PROBLEM DESCRIPTION —
What is needed is a faithful copy of all the entries, with no pictures in it.
GIVEN RECORDS section start
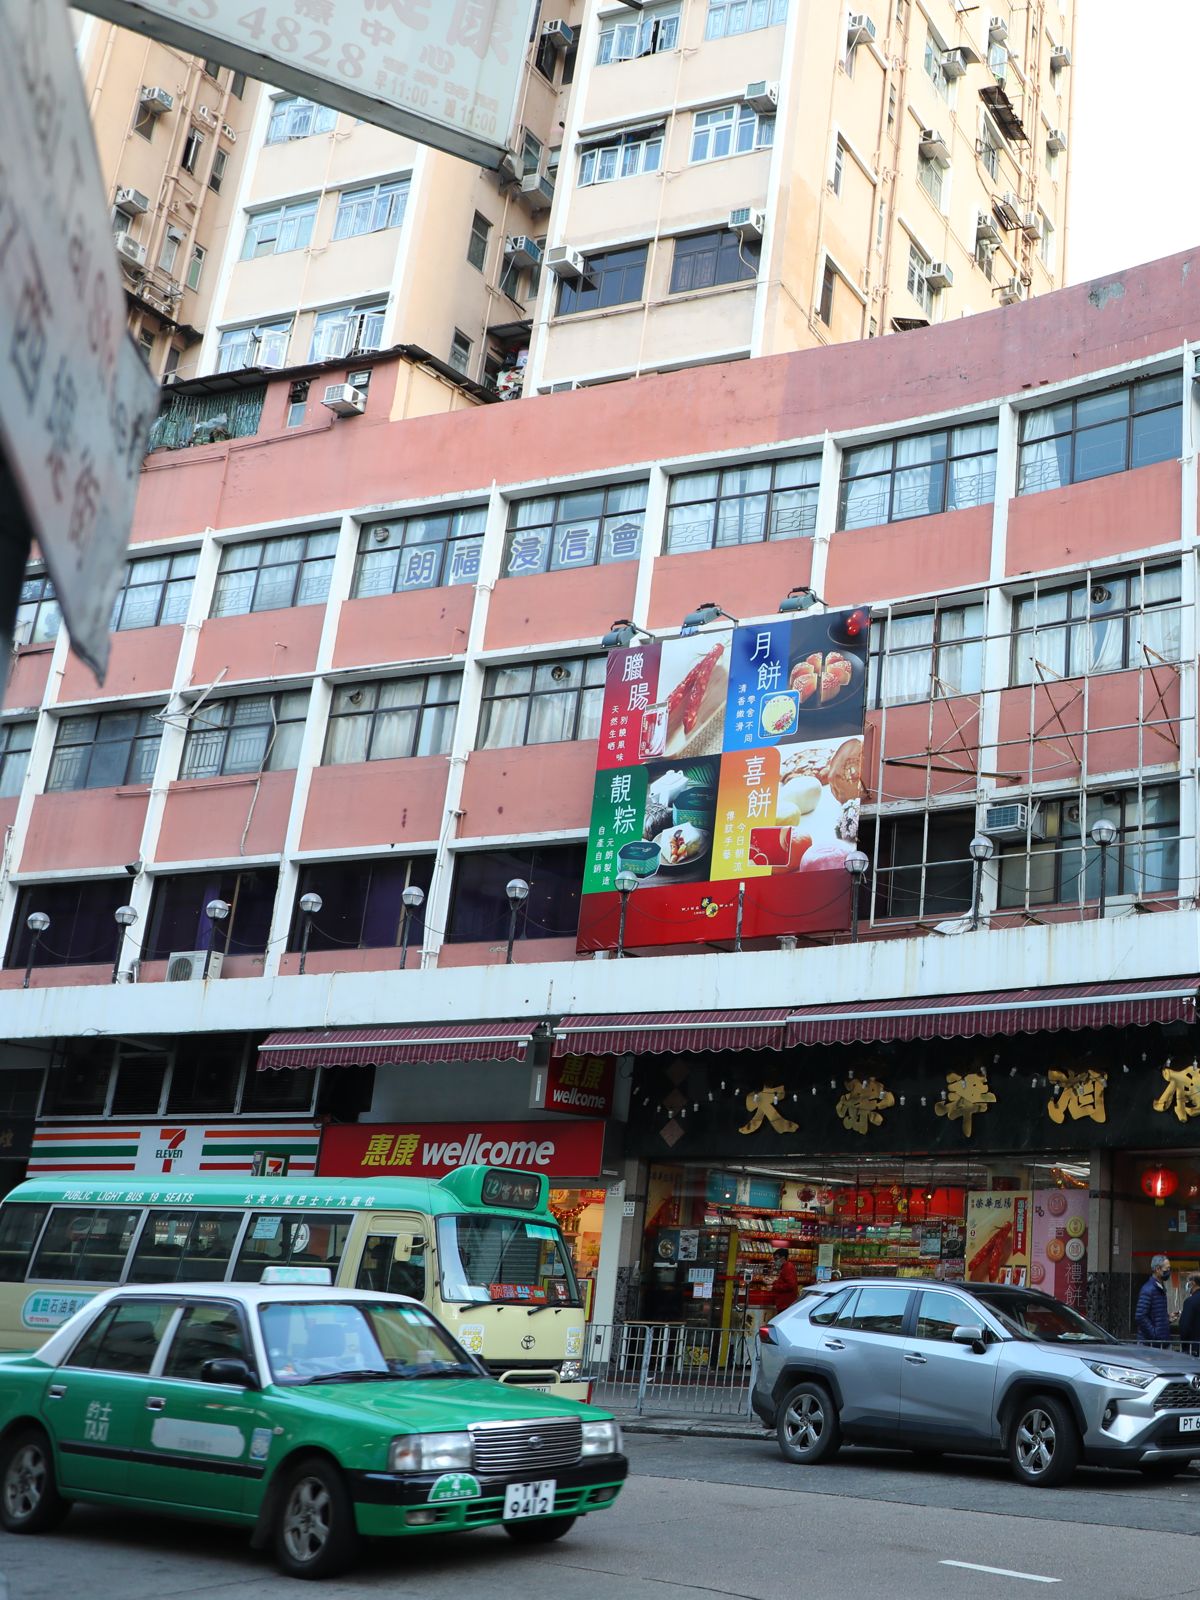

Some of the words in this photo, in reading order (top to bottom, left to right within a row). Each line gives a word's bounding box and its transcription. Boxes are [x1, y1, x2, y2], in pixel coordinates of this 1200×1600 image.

[237, 5, 366, 80] 4828
[750, 631, 781, 690] 月餅
[622, 652, 651, 711] 臘腸
[742, 755, 772, 818] 喜餅
[610, 774, 636, 835] 靚粽
[559, 1056, 605, 1088] 惠康
[553, 1087, 606, 1110] wellcome
[360, 1133, 421, 1166] 惠康
[422, 1133, 555, 1166] wellcome
[62, 1190, 92, 1201] PUBLIC
[97, 1191, 122, 1202] LIGHT
[125, 1191, 143, 1202] BUS
[149, 1192, 160, 1202] 19
[163, 1192, 194, 1203] SEATS
[84, 1420, 108, 1441] TAXI
[1183, 1418, 1193, 1430] PT
[438, 1489, 473, 1499] SEATS
[510, 1498, 549, 1517] 9412
GIVEN RECORDS section end
SOLUTION TO THE PROBLEM —
Some of the words in this photo, in reading order (top to bottom, left to right within a row). Each line gives a word's bounding box and its transcription. Boxes are [x1, y1, x2, y2], in pixel coordinates of this 1200×1600 image.

[237, 5, 366, 80] 4828
[750, 631, 781, 690] 月餅
[622, 652, 651, 711] 臘腸
[742, 755, 772, 818] 喜餅
[610, 774, 636, 835] 靚粽
[559, 1056, 605, 1088] 惠康
[553, 1087, 606, 1110] wellcome
[360, 1133, 421, 1166] 惠康
[422, 1133, 555, 1166] wellcome
[62, 1190, 92, 1201] PUBLIC
[97, 1191, 122, 1202] LIGHT
[125, 1191, 143, 1202] BUS
[149, 1192, 160, 1202] 19
[163, 1192, 194, 1203] SEATS
[84, 1420, 108, 1441] TAXI
[1183, 1418, 1193, 1430] PT
[438, 1489, 473, 1499] SEATS
[510, 1498, 549, 1517] 9412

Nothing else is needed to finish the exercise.